This is the mail archive of the
libc-alpha@sourceware.org
mailing list for the glibc project.
Re: [PATCH] powerpc: New feature - HWCAP/HWCAP2 bits in the TCB
- From: Steven Munroe <munroesj at linux dot vnet dot ibm dot com>
- To: Rich Felker <dalias at libc dot org>
- Cc: Szabolcs Nagy <szabolcs dot nagy at arm dot com>, Carlos Eduardo Seo <cseo at linux dot vnet dot ibm dot com>, GLIBC Devel <libc-alpha at sourceware dot org>, Steve Munroe <sjmunroe at us dot ibm dot com>
- Date: Tue, 09 Jun 2015 12:37:04 -0500
- Subject: Re: [PATCH] powerpc: New feature - HWCAP/HWCAP2 bits in the TCB
- Authentication-results: sourceware.org; auth=none
- References: <55760314 dot 6070601 at linux dot vnet dot ibm dot com> <5576FC80 dot 1090806 at arm dot com> <1433862393 dot 21101 dot 9 dot camel at sjmunroe-ThinkPad-W500> <55770ABA dot 1010205 at arm dot com> <20150609165018 dot GK17573 at brightrain dot aerifal dot cx>
- Reply-to: munroesj at linux dot vnet dot ibm dot com
On Tue, 2015-06-09 at 12:50 -0400, Rich Felker wrote:
> On Tue, Jun 09, 2015 at 04:48:10PM +0100, Szabolcs Nagy wrote:
> > >> if hwcap is useful abi between compiler and libc
> > >> then why is this done in a powerpc specific way?
> > >
> > > Other platform are free use this technique.
> >
> > i think this is not a sustainable approach for
> > compiler abi extensions.
> >
> > (it means juggling with magic offsets on the order
> > of compilers * libcs * targets).
> >
> > unfortunately accessing the ssp canary is already
> > broken this way, i'm not sure what's a better abi,
> > but it's probably worth thinking about one before
> > the tcb code gets too messy.
>
> For the canary I think it makes sense, even though it's ugly -- the
> compiler has to generate a reference in every single function (for
> 'all' mode, or just most non-trivial functions in 'strong' mode).

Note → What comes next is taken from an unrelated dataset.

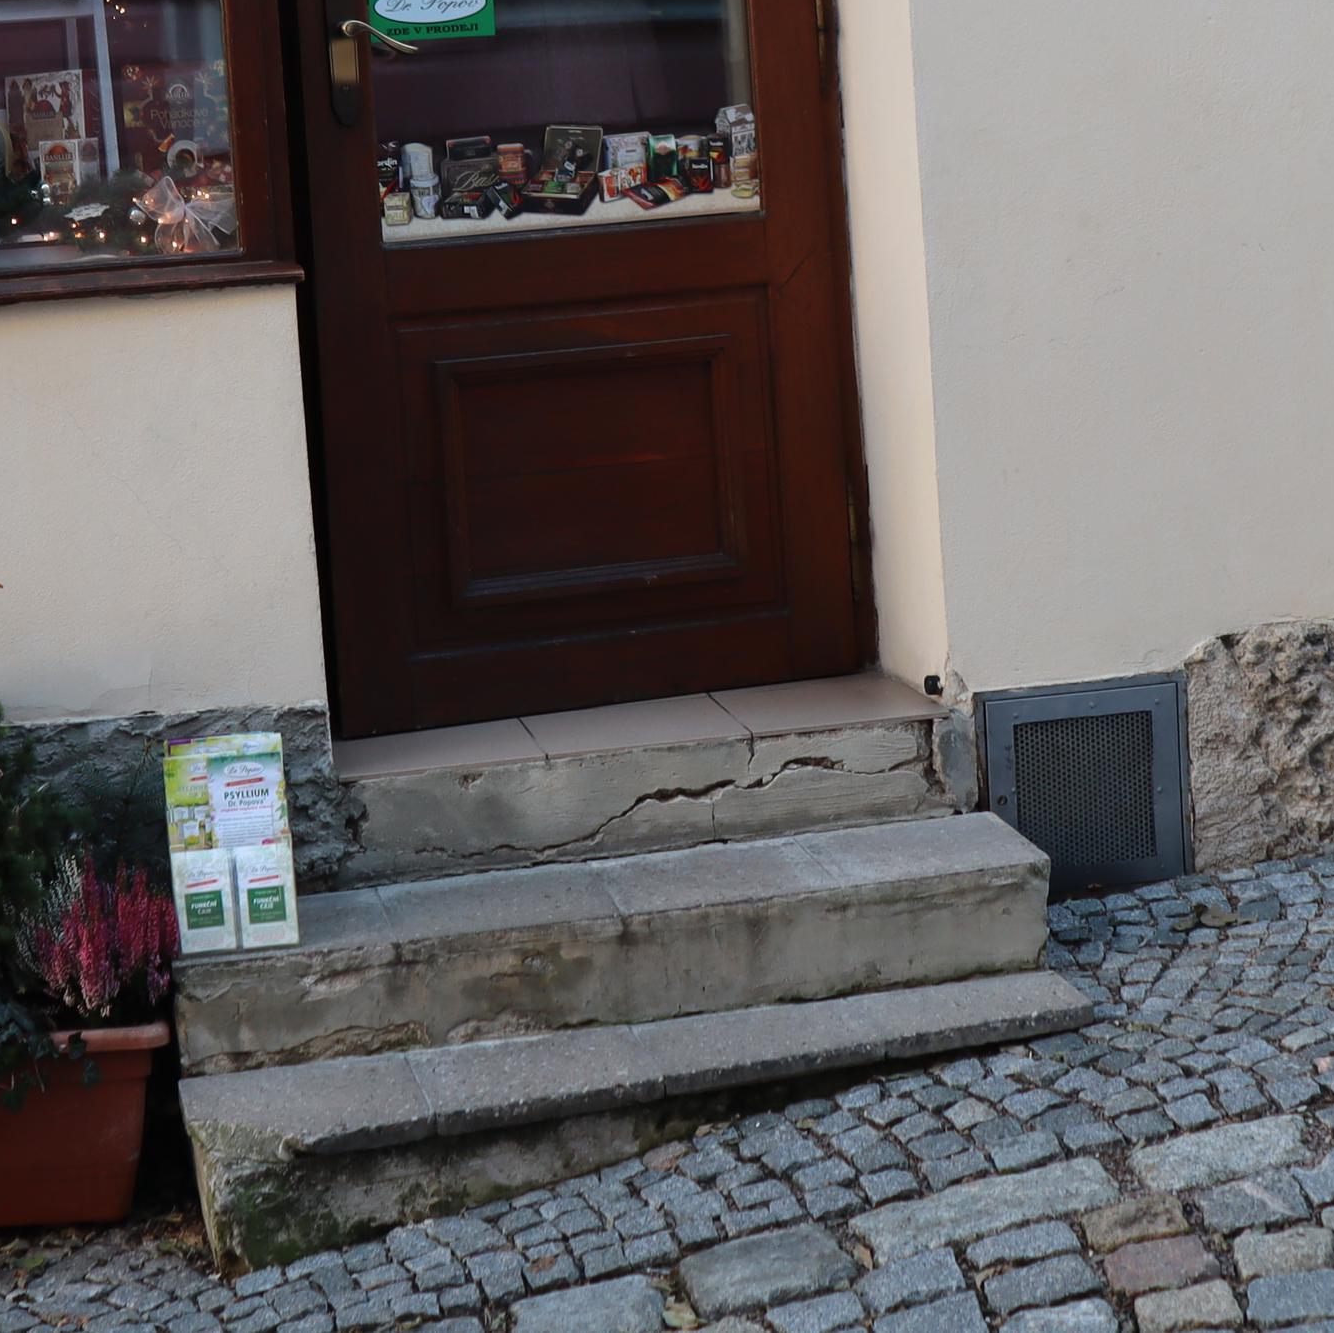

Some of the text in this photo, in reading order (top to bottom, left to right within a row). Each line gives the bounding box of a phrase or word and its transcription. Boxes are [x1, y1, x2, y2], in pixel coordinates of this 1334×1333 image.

> That's much different from a feature (hwcap) that should only be used
> at init-time and where, even if programmers did abuse it and use it
> over and over at runtime, it's only going to be a small constant
> overhead in a presumably medium to large sized function, and the cost
> is only the need to setup the GOT register and load from the GOT,
> anyway.
You are entitled to you own opinion but you are not accounting for the
aggressive out of order execution the POWER processors and specifics of
the PowerISA. In the time it take to load indirect via the TOC (4 cycles
minimum) compare/branch we could have executed 12-16 useful
instructions.
Any indirection exposes the sequences to hazards (like cache miss) which
only make things worse.
As stated before I have thought about this and understand the options in
the context of the PowerISA, POWER micro-architecture, and the PowerPC
ABIs. This information is publicly available (if a little hard to find)
but I doubt you have taken the time to study it in detail, if at all.
I suspect you base your opinion on other architectures and hardware
implementations that do not apply to this situation.